Required work: Below are entries to return in full. Keep each one exact.

---------- Records for this exercise ----------

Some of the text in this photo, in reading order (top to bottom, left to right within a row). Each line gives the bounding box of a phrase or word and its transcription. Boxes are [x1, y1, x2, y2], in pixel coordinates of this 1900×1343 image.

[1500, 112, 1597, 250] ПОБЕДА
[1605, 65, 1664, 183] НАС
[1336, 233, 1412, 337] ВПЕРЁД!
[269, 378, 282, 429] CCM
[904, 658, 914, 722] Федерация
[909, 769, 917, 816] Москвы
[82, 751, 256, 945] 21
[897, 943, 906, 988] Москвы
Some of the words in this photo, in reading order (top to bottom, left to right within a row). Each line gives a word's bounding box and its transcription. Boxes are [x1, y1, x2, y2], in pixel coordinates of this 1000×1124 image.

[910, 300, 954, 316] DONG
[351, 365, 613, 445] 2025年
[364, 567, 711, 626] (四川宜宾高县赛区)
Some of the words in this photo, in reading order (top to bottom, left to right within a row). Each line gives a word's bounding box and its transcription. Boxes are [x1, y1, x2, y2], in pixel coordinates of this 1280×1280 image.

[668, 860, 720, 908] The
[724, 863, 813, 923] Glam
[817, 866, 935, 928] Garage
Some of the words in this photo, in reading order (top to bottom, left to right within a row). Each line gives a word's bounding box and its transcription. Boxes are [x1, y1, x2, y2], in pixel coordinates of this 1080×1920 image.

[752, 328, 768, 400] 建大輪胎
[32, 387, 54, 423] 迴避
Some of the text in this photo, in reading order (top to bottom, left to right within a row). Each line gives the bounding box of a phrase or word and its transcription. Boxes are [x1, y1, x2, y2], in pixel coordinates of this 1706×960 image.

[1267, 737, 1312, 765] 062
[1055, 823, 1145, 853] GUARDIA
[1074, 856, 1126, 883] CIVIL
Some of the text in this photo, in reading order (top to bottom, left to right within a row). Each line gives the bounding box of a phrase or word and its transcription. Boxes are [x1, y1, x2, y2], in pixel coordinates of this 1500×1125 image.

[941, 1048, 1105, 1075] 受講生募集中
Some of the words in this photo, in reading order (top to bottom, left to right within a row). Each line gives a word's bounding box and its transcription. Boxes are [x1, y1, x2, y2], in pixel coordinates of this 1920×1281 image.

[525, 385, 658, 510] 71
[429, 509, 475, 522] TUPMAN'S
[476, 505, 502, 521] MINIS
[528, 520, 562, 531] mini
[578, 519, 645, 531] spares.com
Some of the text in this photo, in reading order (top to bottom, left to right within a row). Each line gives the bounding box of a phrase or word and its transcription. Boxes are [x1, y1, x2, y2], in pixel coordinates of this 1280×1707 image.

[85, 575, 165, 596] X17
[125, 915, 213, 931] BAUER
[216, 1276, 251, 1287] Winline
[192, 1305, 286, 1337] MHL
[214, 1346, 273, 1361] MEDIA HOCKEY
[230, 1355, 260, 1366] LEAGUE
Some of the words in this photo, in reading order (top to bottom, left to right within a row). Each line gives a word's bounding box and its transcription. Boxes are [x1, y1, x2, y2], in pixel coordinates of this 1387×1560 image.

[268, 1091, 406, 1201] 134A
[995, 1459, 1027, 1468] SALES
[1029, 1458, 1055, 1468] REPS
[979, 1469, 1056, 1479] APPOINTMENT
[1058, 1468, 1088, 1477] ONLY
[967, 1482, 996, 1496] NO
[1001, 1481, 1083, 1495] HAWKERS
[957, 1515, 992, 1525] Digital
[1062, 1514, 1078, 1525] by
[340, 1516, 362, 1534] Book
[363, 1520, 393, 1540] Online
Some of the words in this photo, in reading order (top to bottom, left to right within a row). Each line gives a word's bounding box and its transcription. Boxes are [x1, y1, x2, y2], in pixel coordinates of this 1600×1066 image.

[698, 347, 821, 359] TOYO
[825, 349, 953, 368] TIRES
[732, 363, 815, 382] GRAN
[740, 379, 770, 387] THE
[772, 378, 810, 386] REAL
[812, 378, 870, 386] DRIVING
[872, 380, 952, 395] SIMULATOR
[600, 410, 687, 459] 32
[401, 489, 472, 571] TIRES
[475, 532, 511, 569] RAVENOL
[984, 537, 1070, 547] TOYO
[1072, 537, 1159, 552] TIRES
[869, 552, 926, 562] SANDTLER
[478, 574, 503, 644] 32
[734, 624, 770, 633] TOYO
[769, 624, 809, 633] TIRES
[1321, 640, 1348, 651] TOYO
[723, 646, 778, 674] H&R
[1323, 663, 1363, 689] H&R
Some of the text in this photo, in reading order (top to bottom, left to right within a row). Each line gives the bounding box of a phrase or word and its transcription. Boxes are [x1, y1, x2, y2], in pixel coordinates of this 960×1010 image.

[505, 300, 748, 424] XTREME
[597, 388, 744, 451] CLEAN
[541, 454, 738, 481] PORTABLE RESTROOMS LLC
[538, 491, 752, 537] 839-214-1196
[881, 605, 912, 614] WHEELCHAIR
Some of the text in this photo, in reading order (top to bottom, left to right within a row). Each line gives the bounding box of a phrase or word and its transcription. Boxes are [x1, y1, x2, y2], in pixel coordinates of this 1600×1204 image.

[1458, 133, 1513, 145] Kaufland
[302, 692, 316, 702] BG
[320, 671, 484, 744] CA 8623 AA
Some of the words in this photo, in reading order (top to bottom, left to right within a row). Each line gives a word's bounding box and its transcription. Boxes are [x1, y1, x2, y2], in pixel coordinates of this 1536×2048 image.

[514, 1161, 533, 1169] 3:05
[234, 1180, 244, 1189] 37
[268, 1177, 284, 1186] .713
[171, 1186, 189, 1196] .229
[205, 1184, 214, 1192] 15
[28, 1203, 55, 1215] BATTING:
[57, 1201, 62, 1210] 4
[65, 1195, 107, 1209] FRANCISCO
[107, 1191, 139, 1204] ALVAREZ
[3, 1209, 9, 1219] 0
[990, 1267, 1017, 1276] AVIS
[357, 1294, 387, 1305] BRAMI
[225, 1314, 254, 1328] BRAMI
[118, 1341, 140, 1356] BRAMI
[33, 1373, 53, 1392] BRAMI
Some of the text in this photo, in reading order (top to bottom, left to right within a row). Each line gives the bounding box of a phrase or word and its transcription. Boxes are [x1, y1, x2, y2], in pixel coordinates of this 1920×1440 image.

----------

Expected output:
Some of the text in this photo, in reading order (top to bottom, left to right within a row). Each line gives the bounding box of a phrase or word and its transcription. Boxes are [x1, y1, x2, y2], in pixel coordinates of this 1900×1343 image.

[1500, 112, 1597, 250] ПОБЕДА
[1605, 65, 1664, 183] НАС
[1336, 233, 1412, 337] ВПЕРЁД!
[269, 378, 282, 429] CCM
[904, 658, 914, 722] Федерация
[909, 769, 917, 816] Москвы
[82, 751, 256, 945] 21
[897, 943, 906, 988] Москвы
Some of the words in this photo, in reading order (top to bottom, left to right within a row). Each line gives a word's bounding box and its transcription. Boxes are [x1, y1, x2, y2], in pixel coordinates of this 1000×1124 image.

[910, 300, 954, 316] DONG
[351, 365, 613, 445] 2025年
[364, 567, 711, 626] (四川宜宾高县赛区)
Some of the words in this photo, in reading order (top to bottom, left to right within a row). Each line gives a word's bounding box and its transcription. Boxes are [x1, y1, x2, y2], in pixel coordinates of this 1280×1280 image.

[668, 860, 720, 908] The
[724, 863, 813, 923] Glam
[817, 866, 935, 928] Garage
Some of the words in this photo, in reading order (top to bottom, left to right within a row). Each line gives a word's bounding box and its transcription. Boxes are [x1, y1, x2, y2], in pixel coordinates of this 1080×1920 image.

[752, 328, 768, 400] 建大輪胎
[32, 387, 54, 423] 迴避
Some of the text in this photo, in reading order (top to bottom, left to right within a row). Each line gives the bounding box of a phrase or word and its transcription. Boxes are [x1, y1, x2, y2], in pixel coordinates of this 1706×960 image.

[1267, 737, 1312, 765] 062
[1055, 823, 1145, 853] GUARDIA
[1074, 856, 1126, 883] CIVIL
Some of the text in this photo, in reading order (top to bottom, left to right within a row). Each line gives the bounding box of a phrase or word and its transcription. Boxes are [x1, y1, x2, y2], in pixel coordinates of this 1500×1125 image.

[941, 1048, 1105, 1075] 受講生募集中
Some of the words in this photo, in reading order (top to bottom, left to right within a row). Each line gives a word's bounding box and its transcription. Boxes are [x1, y1, x2, y2], in pixel coordinates of this 1920×1281 image.

[525, 385, 658, 510] 71
[429, 509, 475, 522] TUPMAN'S
[476, 505, 502, 521] MINIS
[528, 520, 562, 531] mini
[578, 519, 645, 531] spares.com
Some of the text in this photo, in reading order (top to bottom, left to right within a row). Each line gives the bounding box of a phrase or word and its transcription. Boxes are [x1, y1, x2, y2], in pixel coordinates of this 1280×1707 image.

[85, 575, 165, 596] X17
[125, 915, 213, 931] BAUER
[216, 1276, 251, 1287] Winline
[192, 1305, 286, 1337] MHL
[214, 1346, 273, 1361] MEDIA HOCKEY
[230, 1355, 260, 1366] LEAGUE
Some of the words in this photo, in reading order (top to bottom, left to right within a row). Each line gives a word's bounding box and its transcription. Boxes are [x1, y1, x2, y2], in pixel coordinates of this 1387×1560 image.

[268, 1091, 406, 1201] 134A
[995, 1459, 1027, 1468] SALES
[1029, 1458, 1055, 1468] REPS
[979, 1469, 1056, 1479] APPOINTMENT
[1058, 1468, 1088, 1477] ONLY
[967, 1482, 996, 1496] NO
[1001, 1481, 1083, 1495] HAWKERS
[957, 1515, 992, 1525] Digital
[1062, 1514, 1078, 1525] by
[340, 1516, 362, 1534] Book
[363, 1520, 393, 1540] Online
Some of the words in this photo, in reading order (top to bottom, left to right within a row). Each line gives a word's bounding box and its transcription. Boxes are [x1, y1, x2, y2], in pixel coordinates of this 1600×1066 image.

[698, 347, 821, 359] TOYO
[825, 349, 953, 368] TIRES
[732, 363, 815, 382] GRAN
[740, 379, 770, 387] THE
[772, 378, 810, 386] REAL
[812, 378, 870, 386] DRIVING
[872, 380, 952, 395] SIMULATOR
[600, 410, 687, 459] 32
[401, 489, 472, 571] TIRES
[475, 532, 511, 569] RAVENOL
[984, 537, 1070, 547] TOYO
[1072, 537, 1159, 552] TIRES
[869, 552, 926, 562] SANDTLER
[478, 574, 503, 644] 32
[734, 624, 770, 633] TOYO
[769, 624, 809, 633] TIRES
[1321, 640, 1348, 651] TOYO
[723, 646, 778, 674] H&R
[1323, 663, 1363, 689] H&R
Some of the text in this photo, in reading order (top to bottom, left to right within a row). Each line gives the bounding box of a phrase or word and its transcription. Boxes are [x1, y1, x2, y2], in pixel coordinates of this 960×1010 image.

[505, 300, 748, 424] XTREME
[597, 388, 744, 451] CLEAN
[541, 454, 738, 481] PORTABLE RESTROOMS LLC
[538, 491, 752, 537] 839-214-1196
[881, 605, 912, 614] WHEELCHAIR
Some of the text in this photo, in reading order (top to bottom, left to right within a row). Each line gives the bounding box of a phrase or word and its transcription. Boxes are [x1, y1, x2, y2], in pixel coordinates of this 1600×1204 image.

[1458, 133, 1513, 145] Kaufland
[302, 692, 316, 702] BG
[320, 671, 484, 744] CA 8623 AA
Some of the words in this photo, in reading order (top to bottom, left to right within a row). Each line gives a word's bounding box and its transcription. Boxes are [x1, y1, x2, y2], in pixel coordinates of this 1536×2048 image.

[514, 1161, 533, 1169] 3:05
[234, 1180, 244, 1189] 37
[268, 1177, 284, 1186] .713
[171, 1186, 189, 1196] .229
[205, 1184, 214, 1192] 15
[28, 1203, 55, 1215] BATTING:
[57, 1201, 62, 1210] 4
[65, 1195, 107, 1209] FRANCISCO
[107, 1191, 139, 1204] ALVAREZ
[3, 1209, 9, 1219] 0
[990, 1267, 1017, 1276] AVIS
[357, 1294, 387, 1305] BRAMI
[225, 1314, 254, 1328] BRAMI
[118, 1341, 140, 1356] BRAMI
[33, 1373, 53, 1392] BRAMI
Some of the text in this photo, in reading order (top to bottom, left to right within a row). Each line gives the bounding box of a phrase or word and its transcription. Boxes are [x1, y1, x2, y2], in pixel coordinates of this 1920×1440 image.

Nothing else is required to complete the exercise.